:: Brief ::
Nothing but the pictures may be left out. Restate the rest of the entries word for word.

*** Source data Section Begins ***

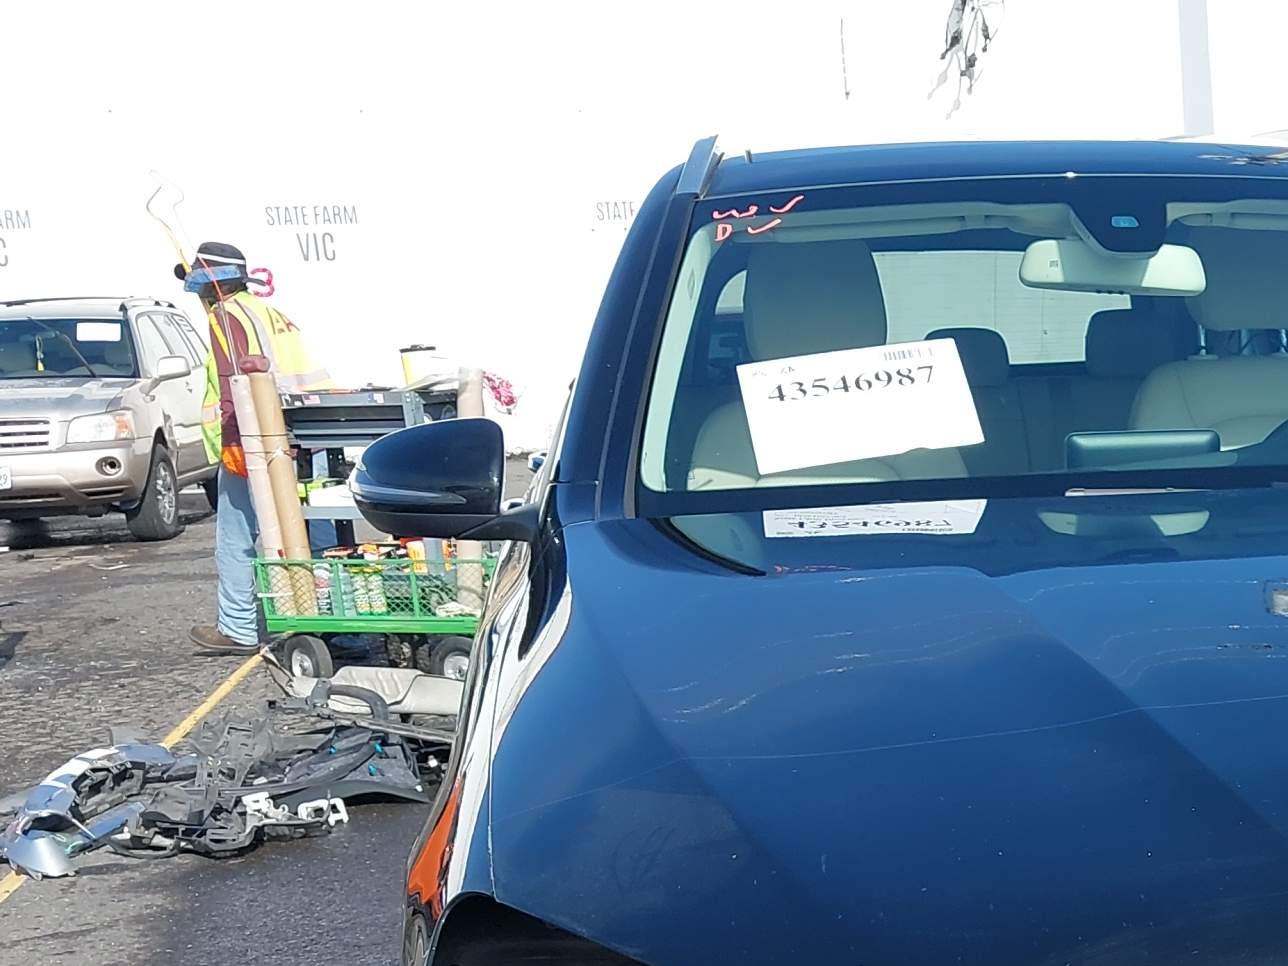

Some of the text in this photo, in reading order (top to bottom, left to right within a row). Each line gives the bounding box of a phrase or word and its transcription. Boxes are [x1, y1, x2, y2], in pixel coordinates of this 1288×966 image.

[265, 205, 358, 226] STATE FARM
[596, 201, 636, 221] STATE
[296, 232, 336, 262] VIC
[768, 365, 934, 401] 43546987
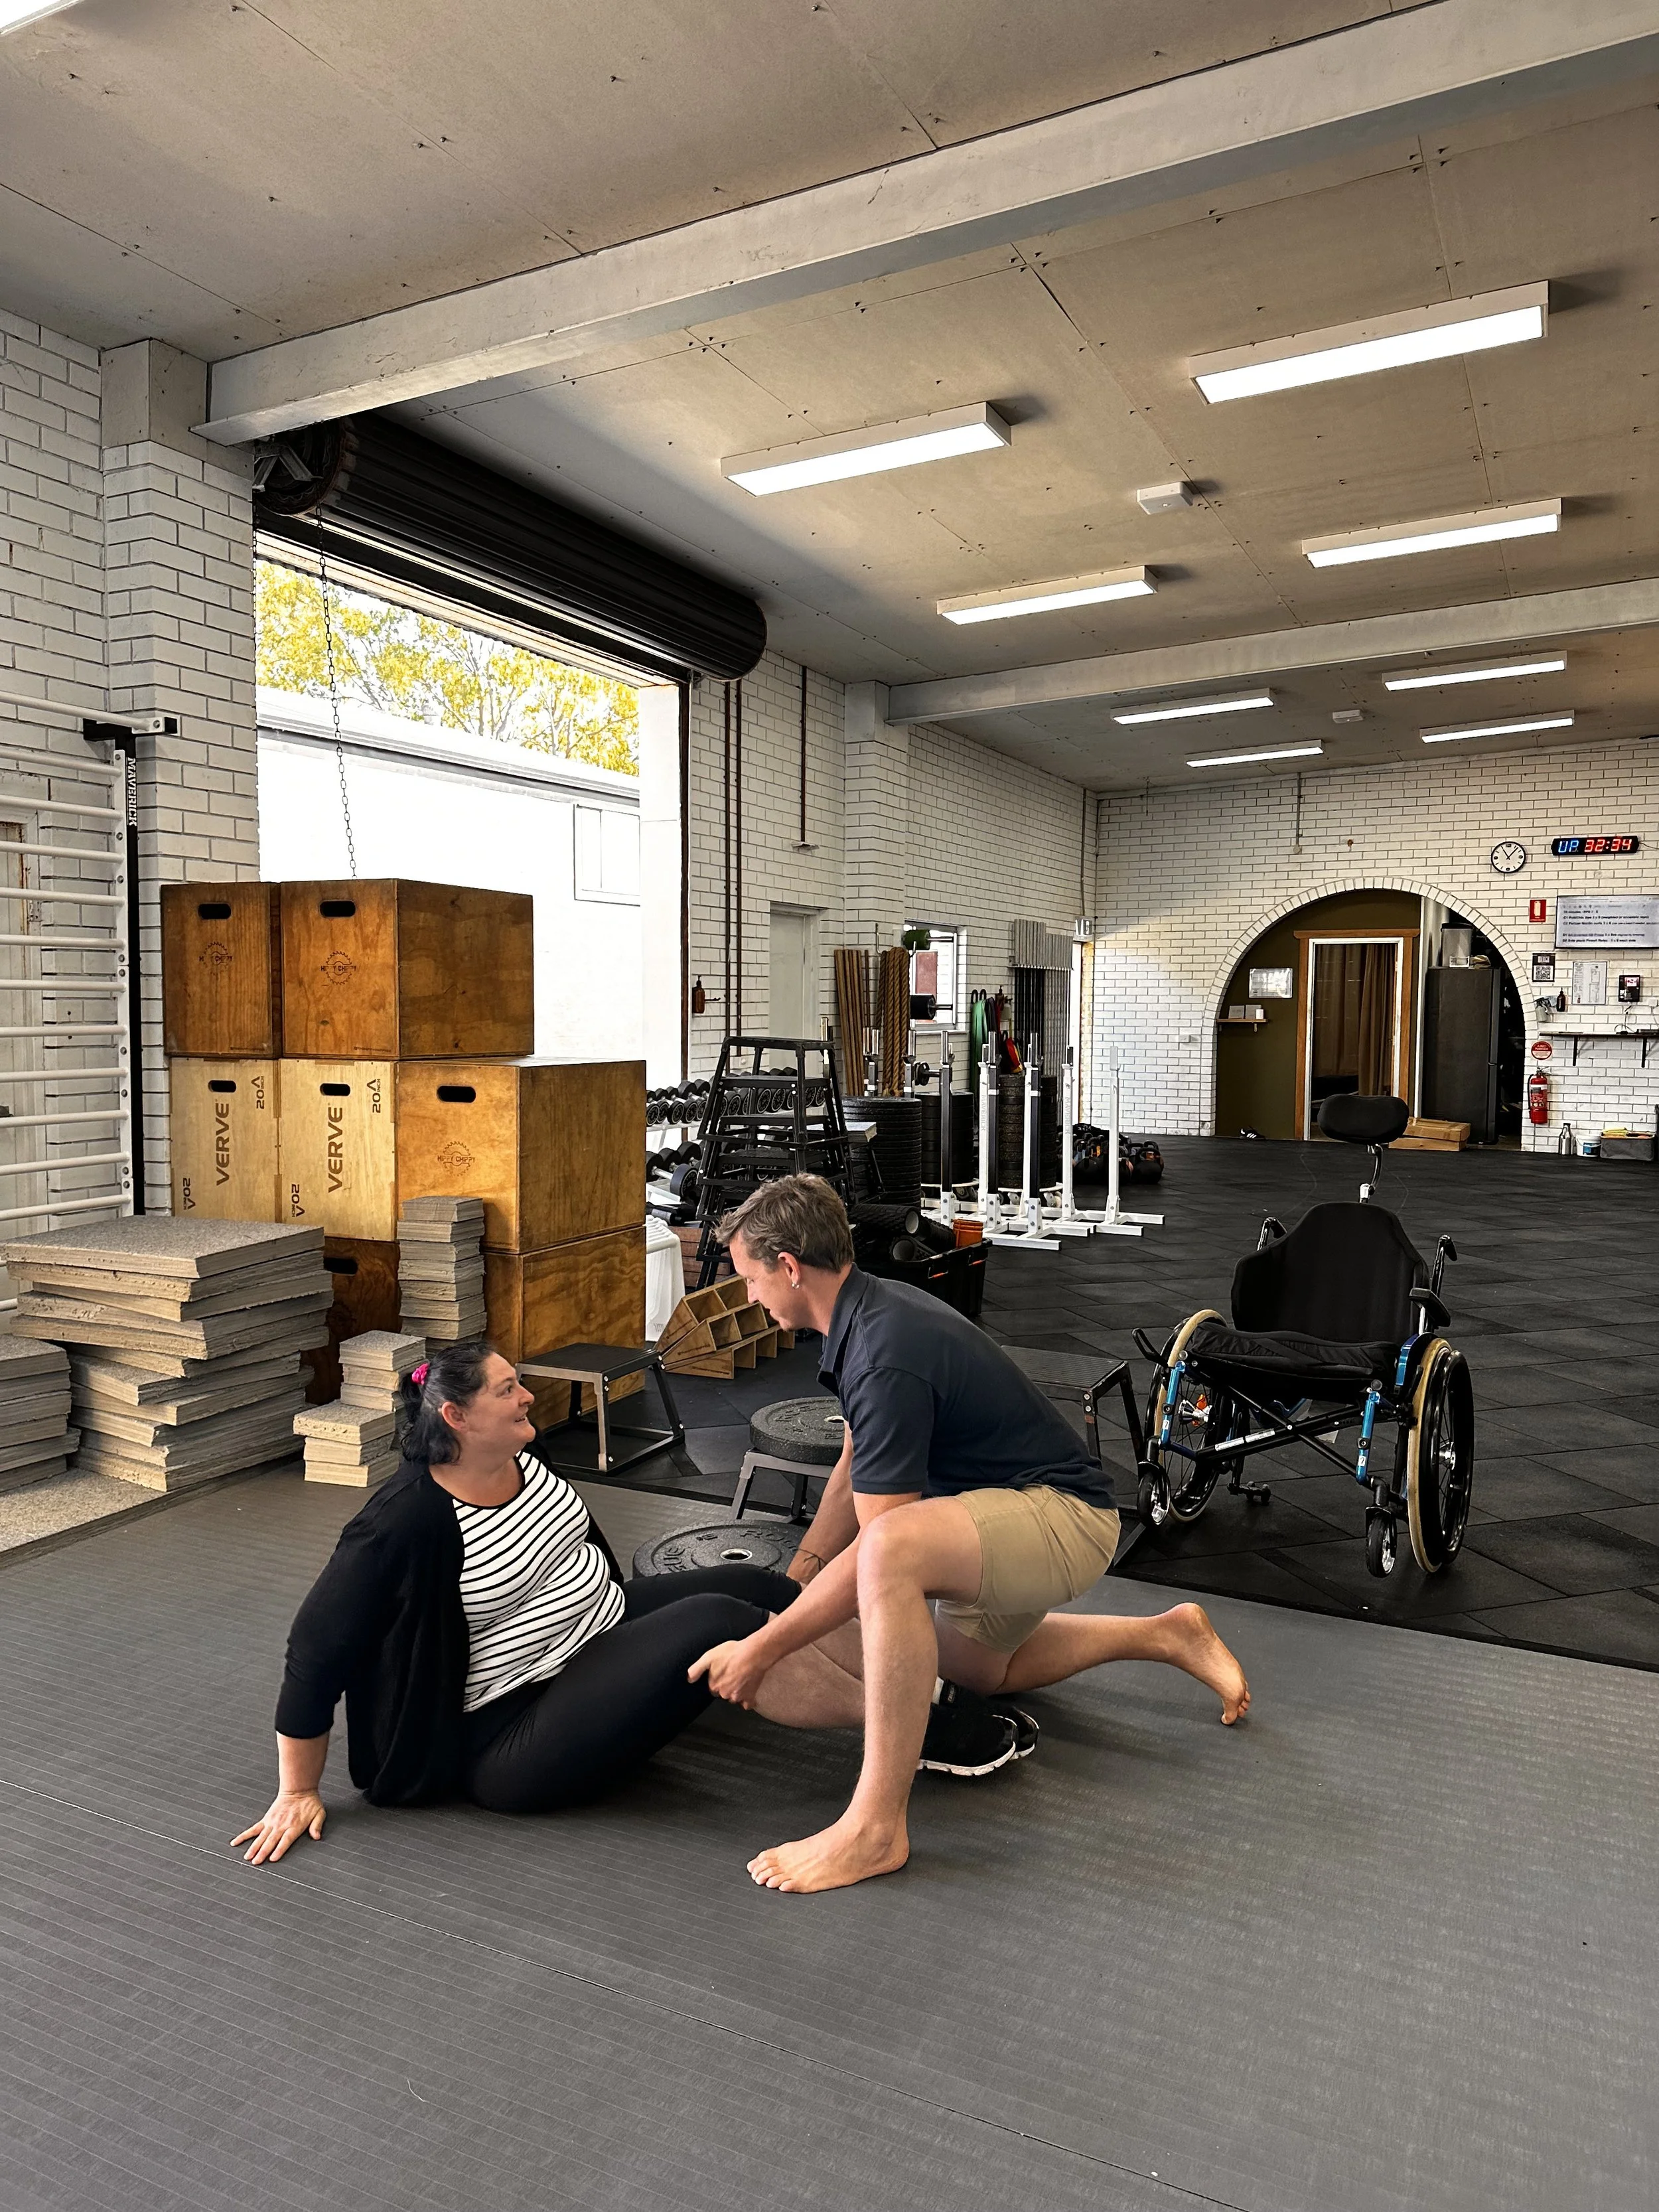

*** Source data Section Ends ***

:: Response ::
Some of the text in this photo, in reading order (top to bottom, left to right within a row). Each line gives the bounding box of a phrase or word and its transcription. Boxes are [x1, y1, x2, y2], in pixel coordinates of this 1288×966 image.

[265, 205, 358, 226] STATE FARM
[596, 201, 636, 221] STATE
[296, 232, 336, 262] VIC
[768, 365, 934, 401] 43546987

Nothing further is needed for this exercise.